[Referring expression grounding data]
----

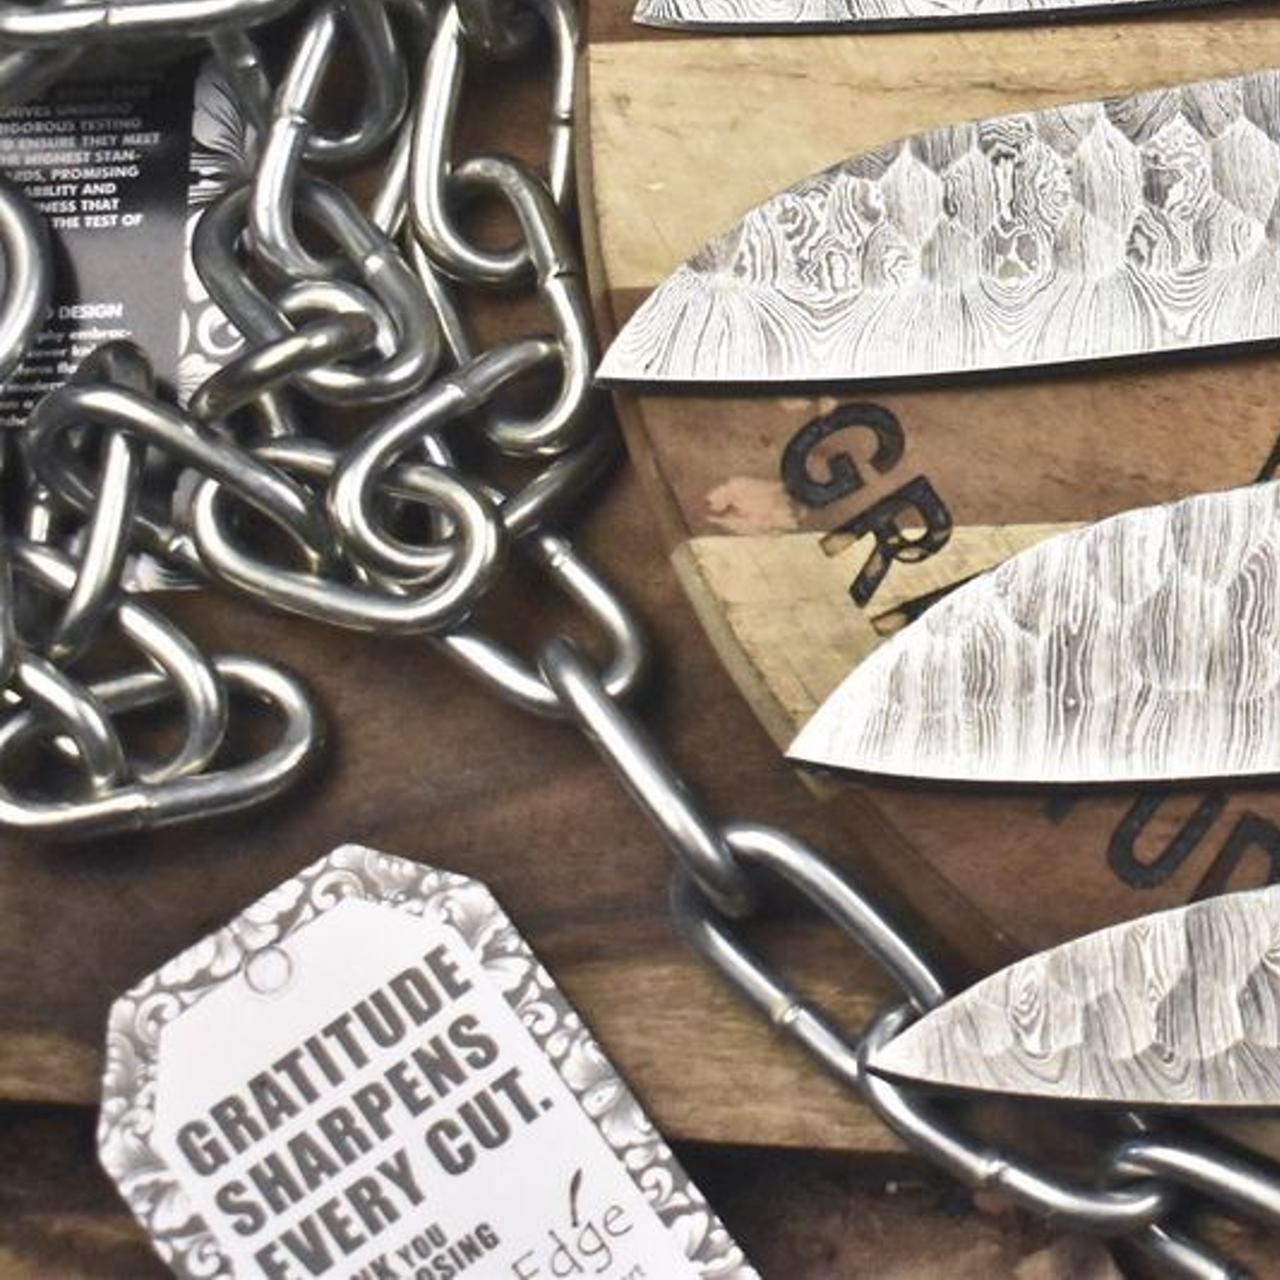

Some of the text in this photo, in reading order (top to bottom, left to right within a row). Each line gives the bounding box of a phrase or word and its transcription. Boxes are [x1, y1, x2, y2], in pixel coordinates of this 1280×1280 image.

[82, 134, 118, 148] THEY
[0, 152, 20, 166] HE
[51, 165, 140, 181] PROMISING
[82, 182, 117, 195] AND
[81, 197, 120, 211] THAT
[52, 213, 144, 229] THE TEST OF
[58, 303, 124, 320] DESIGN
[176, 943, 473, 1177] GRATITUDE
[214, 1013, 500, 1238] SHARPENS
[254, 1067, 555, 1280] EVERY CUT.
[395, 1221, 448, 1269] YOU
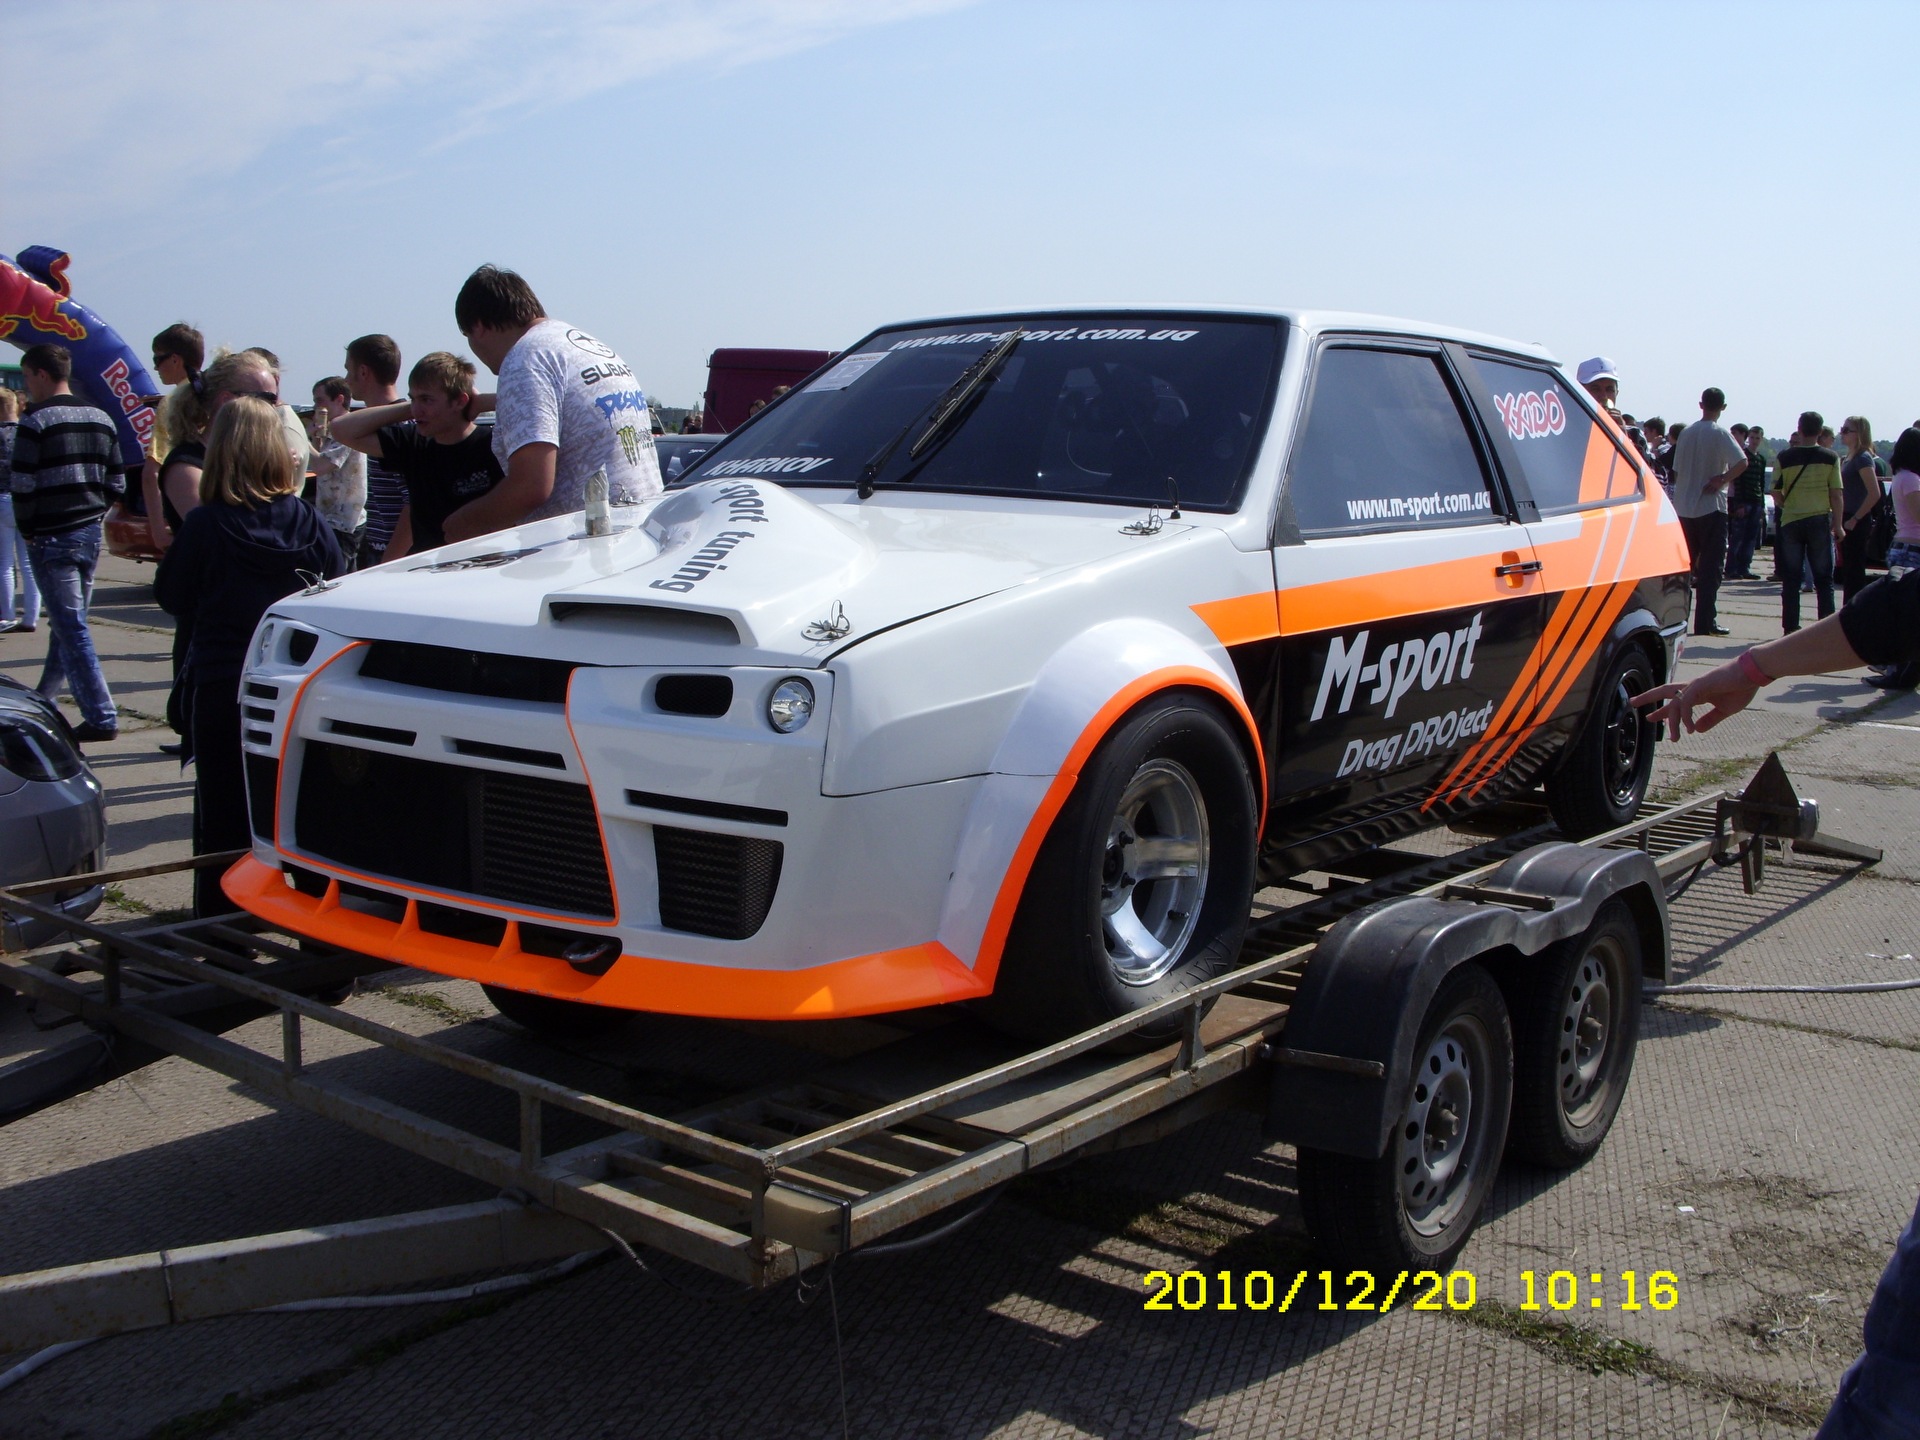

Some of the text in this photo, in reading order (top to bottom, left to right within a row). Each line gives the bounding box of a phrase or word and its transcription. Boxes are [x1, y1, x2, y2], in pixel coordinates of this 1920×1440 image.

[100, 357, 143, 415] Red
[1493, 389, 1567, 441] XADO
[702, 457, 833, 477] KHARKOV
[1346, 490, 1491, 521] www.m-sport.com.ua
[648, 531, 756, 594] tuning
[1309, 611, 1483, 722] M-sport
[1335, 733, 1403, 778] Drag

----

Exactly reproduce the lines from the one containing "this 1920×1440 image." through the end of the records, and only those lines.

### REPLY
Some of the text in this photo, in reading order (top to bottom, left to right within a row). Each line gives the bounding box of a phrase or word and its transcription. Boxes are [x1, y1, x2, y2], in pixel coordinates of this 1920×1440 image.

[100, 357, 143, 415] Red
[1493, 389, 1567, 441] XADO
[702, 457, 833, 477] KHARKOV
[1346, 490, 1491, 521] www.m-sport.com.ua
[648, 531, 756, 594] tuning
[1309, 611, 1483, 722] M-sport
[1335, 733, 1403, 778] Drag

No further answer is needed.